The additional thing I would say for sure is that in Rwanda it has not been like in other places where people are given mosquito nets and they go and use them for other things, they use them for fishing or they keep them in their houses and they don’t use them.
Others they find their way across borders and it becomes another form of trade. In our case that has not happened and for the reason, we have other institutional mechanisms we have put to good use like for example the decentralization that has taken place in Rwanda has been very effective.
We have performance contracts: the mayors, the councillors and different leaders at different levels all have signed performance contract. In other words every quarter everybody is evaluated for what they have done.
Under this arrangement these leaders have assured that they have gone to families, and sensitized and not only that but they follow up to assure that mosquito nets are used. And it has certainly brought this wonderful result.
So you are saying can we sustain it? I think we can. There are other things. Mosquitoes have breeding areas, and even because of sanitation and other arrangements we have had for cleaning up have been adding. All these things are growing as a culture in the way we handle the disease.
Q: In another couple of years there will be an election. Are you going to run for a second elected term?
PK: I have two years to think about it.
Q: I was talking with the foreign minister of Senegal, and he was saying that when there is a very narrow election, Africans do not have enough faith in institutions to accept results.
PK: My view is there. It is written on the wall.
Q: You were elected with around 80 percent?
PK: People are at different stages. What would they have imagined to have an election in Rwanda just nine years after the genocide? The consideration of what people want is different from what people in other countries would worry about.

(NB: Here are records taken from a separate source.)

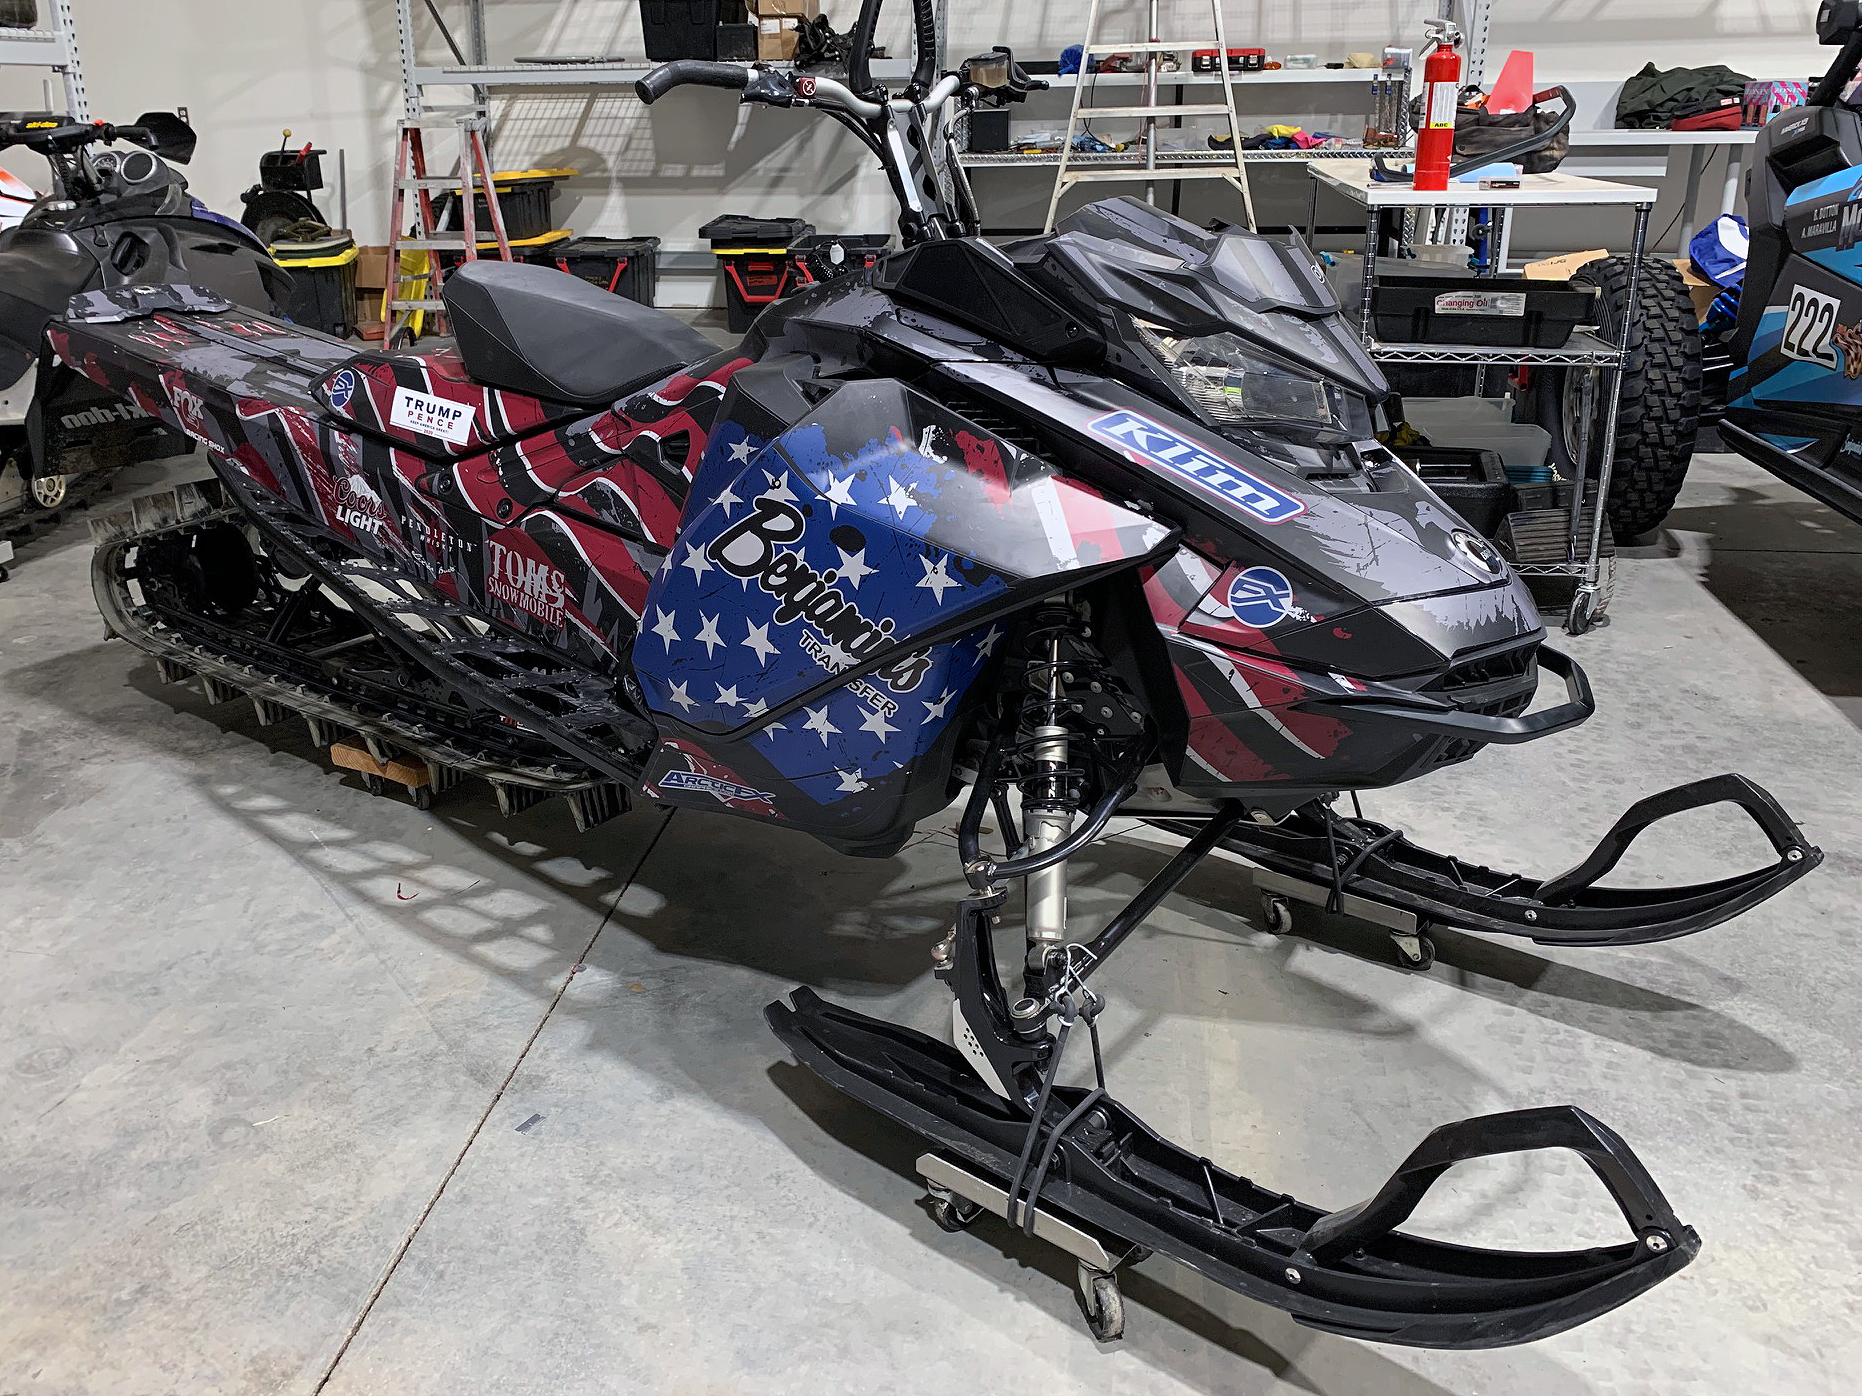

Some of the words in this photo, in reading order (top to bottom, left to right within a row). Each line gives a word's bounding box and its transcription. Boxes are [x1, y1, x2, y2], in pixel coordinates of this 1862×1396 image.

[1783, 291, 1834, 362] 222
[172, 385, 204, 421] FOX
[404, 396, 463, 421] TRUMP
[407, 410, 454, 430] PENCE
[332, 475, 388, 520] Coors
[335, 505, 383, 535] LIGHT
[401, 514, 472, 553] PENDLETON
[487, 576, 564, 628] SNOWMOBILE
[798, 628, 899, 719] TRANSFER

In 2003 when people voted they were voting for peace, for security, for national unity and for social and economic development. Those were their worries. It could even have been 100 percent.
I wish you would also consider the turnout. It was 96 percent and the efficiency with which they voted was 100 percent. People on sickbeds in hospital, mothers who had just given birth were walking to polling stations. Ten years after, fifteen years after these changes, there will be a big difference.

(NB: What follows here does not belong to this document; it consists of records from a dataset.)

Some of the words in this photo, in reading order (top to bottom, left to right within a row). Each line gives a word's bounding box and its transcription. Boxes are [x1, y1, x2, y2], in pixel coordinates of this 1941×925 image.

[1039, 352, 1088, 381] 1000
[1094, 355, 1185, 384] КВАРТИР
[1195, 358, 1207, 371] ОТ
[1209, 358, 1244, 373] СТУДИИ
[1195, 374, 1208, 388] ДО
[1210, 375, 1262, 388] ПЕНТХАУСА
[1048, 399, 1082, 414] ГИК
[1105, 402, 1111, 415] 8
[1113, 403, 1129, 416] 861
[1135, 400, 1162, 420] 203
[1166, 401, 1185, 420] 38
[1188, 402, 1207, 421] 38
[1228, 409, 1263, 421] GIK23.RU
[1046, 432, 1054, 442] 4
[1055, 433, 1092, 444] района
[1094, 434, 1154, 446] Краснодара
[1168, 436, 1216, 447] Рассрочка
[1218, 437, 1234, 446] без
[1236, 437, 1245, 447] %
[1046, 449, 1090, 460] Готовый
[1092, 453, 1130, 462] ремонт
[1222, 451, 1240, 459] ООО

In the west some countries will go to vote and they have 30 percent turnout. People are not interested and you get some small percentage of that. And as a result the west wants to make this the standard. So they say how can you get 80 percent. I don’t buy this. It doesn’t make sense. You cannot take things out of context.
Q: You made a statement during the Kenyan crisis earlier this year suggesting the Kenyan military needed to step in. Parts of your government said it was misconstrued. Were you calling for a coup?
PK: People were making all sorts of interpretations of what I said. What I said was that there seemed to be no single institution in Kenya that would protect people. I was only seeing the military as the only institution in place to protect people.
For me I was seeing protecting people and stopping violence and stopping death as priority number one. Then people can go into debates and negotiations and all sorts of things about what they have as a form of government.
My statement has not changed. I would repeat it a thousand times. I don’t mind that people misunderstood it because I think it helped the process unintentionally.
Q: Coming from you President Kagame I think people took it rather seriously, given that you have a record of projecting military muscle in the region.
PK: That is why I am saying I don’t mind. Probably even the mere mention of it brought some good results. The heart of the matter for me was who was going to stop this violence?
I was thinking about the Kenyans. I wasn’t thinking about Raila Odinga or president Kibaki. These fellows could one day go to the airport and disappear. I was saying somebody needs to take care of this.
In fact if the Kenyans had said help us. "send people to work with us to do it,” we would have considered it certainly and mainly in the interests of these people who were being killed.